__Source records__
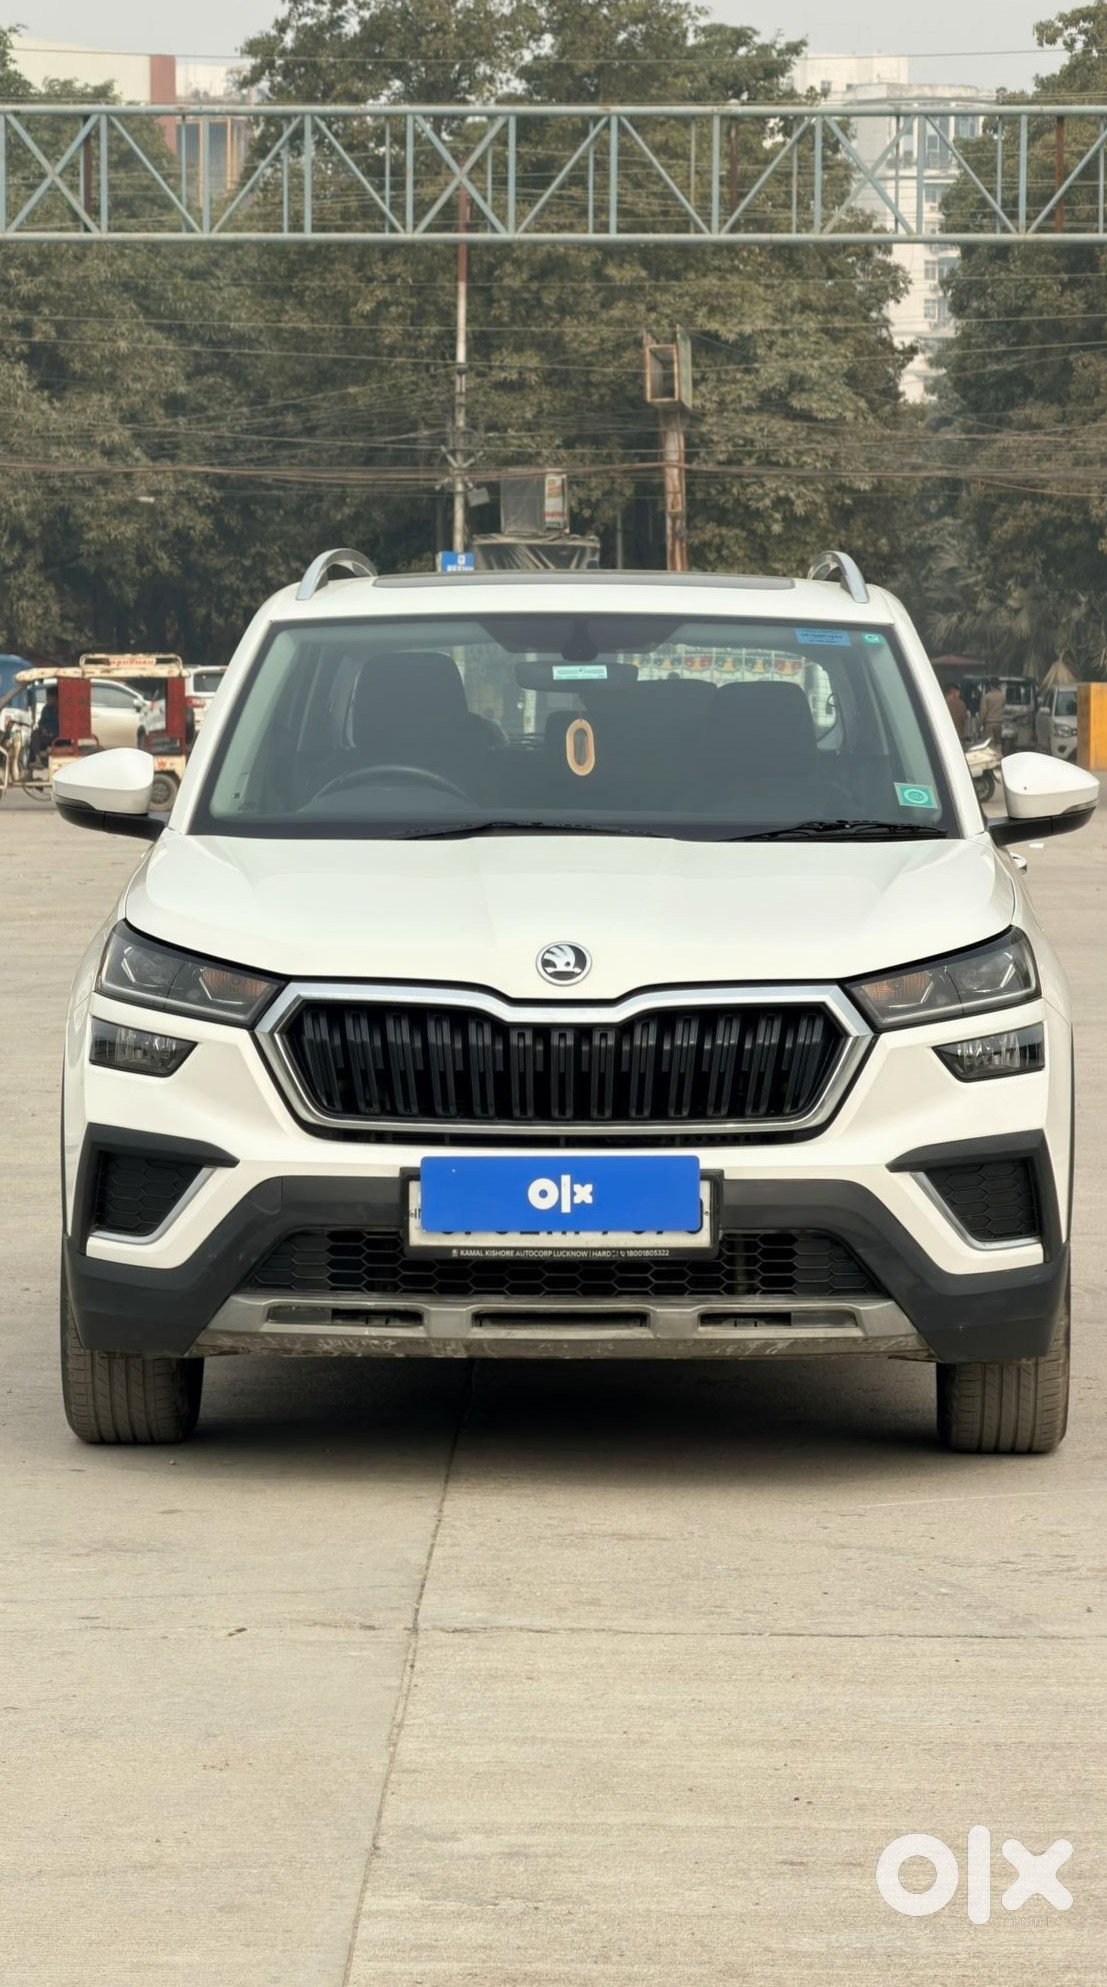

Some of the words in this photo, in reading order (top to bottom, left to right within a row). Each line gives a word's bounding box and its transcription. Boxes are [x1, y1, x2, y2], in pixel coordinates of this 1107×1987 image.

[460, 1249, 484, 1257] KAMAL
[485, 1249, 514, 1257] KISHORE
[515, 1249, 552, 1257] AUTOCORP
[553, 1250, 588, 1258] LUCKNOW
[626, 1249, 670, 1257] 18001805322

__Activity__
Before you return the listing, strip out its pictures; all else must match exactly.

__Written solution__
Some of the words in this photo, in reading order (top to bottom, left to right within a row). Each line gives a word's bounding box and its transcription. Boxes are [x1, y1, x2, y2], in pixel coordinates of this 1107×1987 image.

[460, 1249, 484, 1257] KAMAL
[485, 1249, 514, 1257] KISHORE
[515, 1249, 552, 1257] AUTOCORP
[553, 1250, 588, 1258] LUCKNOW
[626, 1249, 670, 1257] 18001805322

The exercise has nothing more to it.